A testbed for learning to interact with in vitro neural networks

Quickstart

Using the dataset

# /// script
# requires-python = ">=3.11"
# dependencies = [
#   "livn",
#   "datasets",
# ]
# ///
from livn.system import make
from livn.io import MEA
from datasets import load_dataset

system_name = "S1"

dataset = load_dataset("livn-org/livn", name=system_name)

sample = dataset["train_with_noise"][0]
it = sample["trial_it"][0]
t = sample["trial_t"][0]

# use a multi-electrode array to 'observe' the data
system = make(system_name)
mea = MEA.from_directory(system.uri)

cit, ct = mea.channel_recording(system.neuron_coordinates, it, t)

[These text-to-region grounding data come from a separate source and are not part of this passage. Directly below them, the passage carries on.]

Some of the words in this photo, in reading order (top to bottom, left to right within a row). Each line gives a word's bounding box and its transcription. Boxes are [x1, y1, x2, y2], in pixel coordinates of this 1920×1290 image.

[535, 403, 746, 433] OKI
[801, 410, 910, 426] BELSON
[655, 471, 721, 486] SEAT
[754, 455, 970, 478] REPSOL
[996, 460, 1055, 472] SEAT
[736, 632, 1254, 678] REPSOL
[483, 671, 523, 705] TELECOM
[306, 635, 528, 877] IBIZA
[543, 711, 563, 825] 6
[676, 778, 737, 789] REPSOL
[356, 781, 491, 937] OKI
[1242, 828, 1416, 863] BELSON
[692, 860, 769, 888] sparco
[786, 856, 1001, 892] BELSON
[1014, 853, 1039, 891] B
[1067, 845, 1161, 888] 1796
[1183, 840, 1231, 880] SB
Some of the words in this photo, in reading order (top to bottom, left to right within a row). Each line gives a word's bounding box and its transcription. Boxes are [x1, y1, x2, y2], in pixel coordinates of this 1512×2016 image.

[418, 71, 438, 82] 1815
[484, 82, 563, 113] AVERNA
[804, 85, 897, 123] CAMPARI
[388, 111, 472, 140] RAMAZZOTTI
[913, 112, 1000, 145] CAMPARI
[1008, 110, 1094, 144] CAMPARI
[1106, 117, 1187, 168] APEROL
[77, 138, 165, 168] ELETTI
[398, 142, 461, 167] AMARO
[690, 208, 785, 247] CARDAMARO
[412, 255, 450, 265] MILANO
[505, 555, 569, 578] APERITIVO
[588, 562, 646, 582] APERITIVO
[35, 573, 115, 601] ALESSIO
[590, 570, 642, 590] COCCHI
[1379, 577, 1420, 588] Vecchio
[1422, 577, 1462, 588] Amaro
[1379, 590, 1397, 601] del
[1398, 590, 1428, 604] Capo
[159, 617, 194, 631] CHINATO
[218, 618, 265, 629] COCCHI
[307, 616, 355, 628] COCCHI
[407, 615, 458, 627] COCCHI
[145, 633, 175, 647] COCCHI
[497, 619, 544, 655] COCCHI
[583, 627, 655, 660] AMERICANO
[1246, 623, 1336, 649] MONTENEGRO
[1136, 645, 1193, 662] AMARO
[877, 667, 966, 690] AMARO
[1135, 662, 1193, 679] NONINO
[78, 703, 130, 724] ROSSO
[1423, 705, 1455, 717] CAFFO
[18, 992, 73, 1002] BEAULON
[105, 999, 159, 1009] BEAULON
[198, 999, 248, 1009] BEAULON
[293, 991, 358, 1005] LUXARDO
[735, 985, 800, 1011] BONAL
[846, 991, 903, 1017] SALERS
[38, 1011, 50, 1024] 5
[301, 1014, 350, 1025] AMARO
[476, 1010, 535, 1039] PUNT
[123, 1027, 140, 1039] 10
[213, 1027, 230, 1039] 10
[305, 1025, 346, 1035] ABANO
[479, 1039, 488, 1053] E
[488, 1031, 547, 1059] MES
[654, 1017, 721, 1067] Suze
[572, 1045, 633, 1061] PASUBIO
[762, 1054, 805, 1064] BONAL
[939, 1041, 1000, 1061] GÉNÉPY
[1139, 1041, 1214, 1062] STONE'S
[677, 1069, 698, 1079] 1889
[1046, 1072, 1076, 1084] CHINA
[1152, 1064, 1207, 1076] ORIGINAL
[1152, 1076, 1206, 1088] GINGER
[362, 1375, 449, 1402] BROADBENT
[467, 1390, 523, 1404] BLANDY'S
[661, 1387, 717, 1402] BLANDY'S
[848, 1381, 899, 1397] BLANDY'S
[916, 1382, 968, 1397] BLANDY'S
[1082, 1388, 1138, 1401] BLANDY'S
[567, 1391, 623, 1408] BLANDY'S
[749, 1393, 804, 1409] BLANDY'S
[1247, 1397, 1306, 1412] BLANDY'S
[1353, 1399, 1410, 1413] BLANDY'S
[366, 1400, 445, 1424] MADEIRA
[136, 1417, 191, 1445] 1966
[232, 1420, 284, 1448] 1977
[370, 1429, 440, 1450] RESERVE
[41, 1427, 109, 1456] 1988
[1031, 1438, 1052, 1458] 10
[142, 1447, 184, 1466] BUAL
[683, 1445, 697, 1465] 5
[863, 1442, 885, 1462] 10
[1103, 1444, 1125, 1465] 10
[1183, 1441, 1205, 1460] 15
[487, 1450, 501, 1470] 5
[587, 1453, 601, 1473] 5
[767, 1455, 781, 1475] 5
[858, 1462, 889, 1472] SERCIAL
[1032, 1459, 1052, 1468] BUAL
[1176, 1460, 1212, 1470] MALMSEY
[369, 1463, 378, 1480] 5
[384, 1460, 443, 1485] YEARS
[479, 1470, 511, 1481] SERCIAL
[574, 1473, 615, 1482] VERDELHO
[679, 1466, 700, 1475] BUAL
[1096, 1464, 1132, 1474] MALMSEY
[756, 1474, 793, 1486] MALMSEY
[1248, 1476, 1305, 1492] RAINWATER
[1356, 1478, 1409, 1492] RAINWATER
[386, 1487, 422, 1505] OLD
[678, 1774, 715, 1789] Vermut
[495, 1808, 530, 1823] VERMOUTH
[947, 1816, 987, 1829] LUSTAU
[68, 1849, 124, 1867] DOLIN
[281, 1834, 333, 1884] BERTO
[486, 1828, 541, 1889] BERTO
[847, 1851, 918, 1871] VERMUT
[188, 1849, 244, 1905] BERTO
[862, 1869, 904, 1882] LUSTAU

print("Spikes in channel 0:")
print(ct[0])

Using the livn environment interactively

# /// script
# requires-python = ">=3.11"
# dependencies = [
#   "livn",
# ]
# ///
from livn.env import Env
from livn.system import predefined

env = Env(predefined("S1")).init()

env.apply_model_defaults()
env.record_spikes()
env.record_voltage()

it, t, iv, v = env.run(100)

print("Initial voltages: ", v[:, 0])

See full example here.

Note that livn supports three backends that can be chosen before running the script:

export LIVN_BACKEND=brian2     # default
export LIVN_BACKEND=diffrax    # requires livn[diffrax] dependencies
export LIVN_BACKEND=neuron     # requires livn[neuron] dependencies and MPI (see below)

Checkout the reinforcement learning example and differenting through the simulation.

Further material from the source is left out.